Only a few species survived an asteroid impact 66 million years ago, which led to the extinction of the dinosaurs. About a dozen of these also occur in Austria. This includes the black-necked camelfly, whose genome has now been completely decoded for the first time.
The researchers hope that their results, published in the Journal of Heredity, will provide new insights into the evolution of these once species-rich “living fossils.”
For the Viennese entomologist Horst Aspöck, emeritus at the Medical University of Vienna, camel-necked flies are ‘living fossils’. Fossils of representatives of this order of insects that lived in the time of the dinosaurs can hardly be distinguished from modern species.
Today there are about 250 species, a ‘pathetic remnant’ of the camelneck flies, which were much more widespread and species-rich in the Mesozoic era (252 to 66 million years ago).
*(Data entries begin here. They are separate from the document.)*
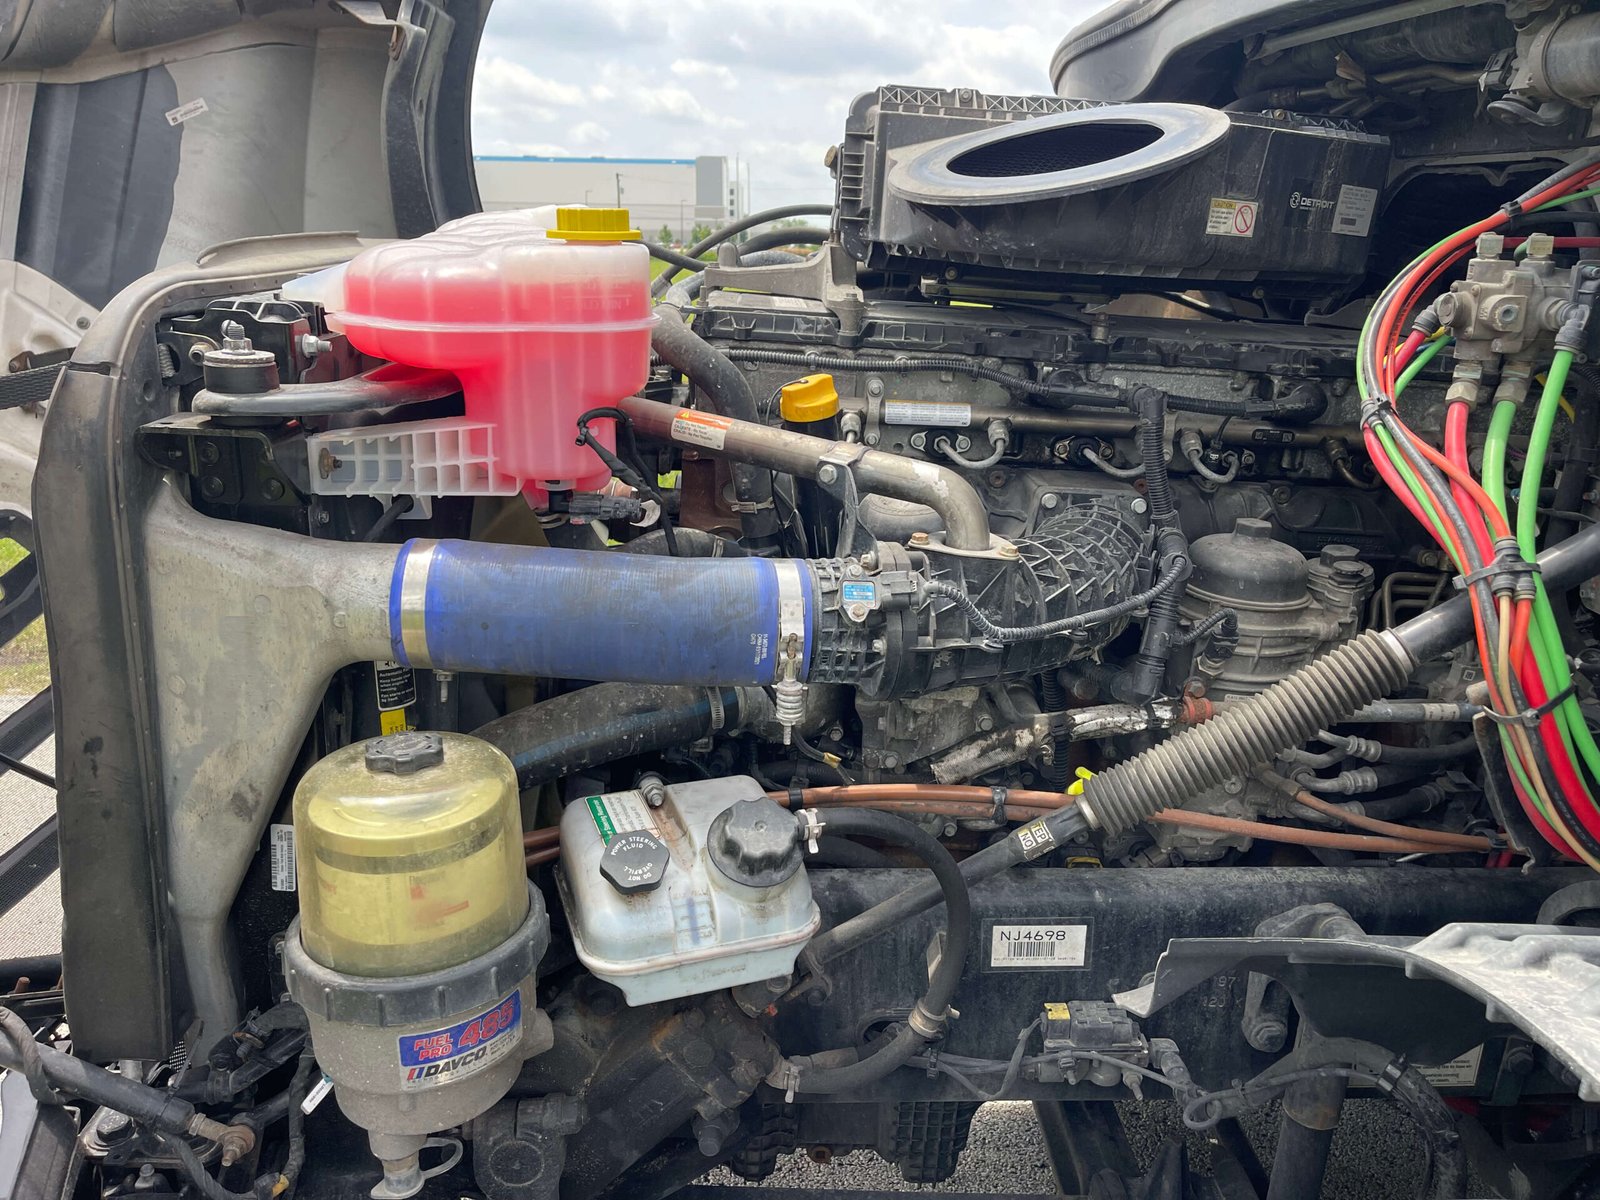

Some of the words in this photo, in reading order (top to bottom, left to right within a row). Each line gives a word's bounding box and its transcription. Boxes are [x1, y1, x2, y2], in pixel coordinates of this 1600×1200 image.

[1300, 197, 1335, 209] DETROIT
[610, 839, 627, 856] POWER
[628, 836, 658, 850] STEERING
[622, 843, 644, 852] FLUID
[623, 862, 653, 875] OVERFILL
[642, 871, 652, 880] DO
[1000, 930, 1067, 941] NJ4698
[458, 999, 515, 1048] 485
[413, 1033, 454, 1052] FUEL
[418, 1044, 453, 1062] PRO
[424, 1045, 486, 1078] DAVCO
However, only those species that could adapt to the changed temperatures survived the climate changes caused by the asteroid impact.
In 2022, the camelneck fly was named “Insect of the Year” (see video above).
The black-necked camel fly (Venustoraphidia nigricollis) belongs to the lowest species order of insects with complete metamorphosis, i.e. with a pupal stage, which is widespread in Europe. Even in the center of Vienna, on Maria-Thérèsien-Platz, between the art and natural history museums, there is a colony.
Camelneck flies spend most of their lives, usually two or more years, as larvae. During this time they feed mainly on eggs and larvae of other insects, such as pests such as moths and bark beetles. When they hatch at the beginning of summer, other small, soft-skinned insects, especially aphids and scale insects, are also on their menu.
The name comes from the distinctive shape of the diurnal, predatory insects, which are usually less than two centimeters long: they have a strongly elongated first thoracic segment and a long, flat head, both of which are highly mobile and directed upwards.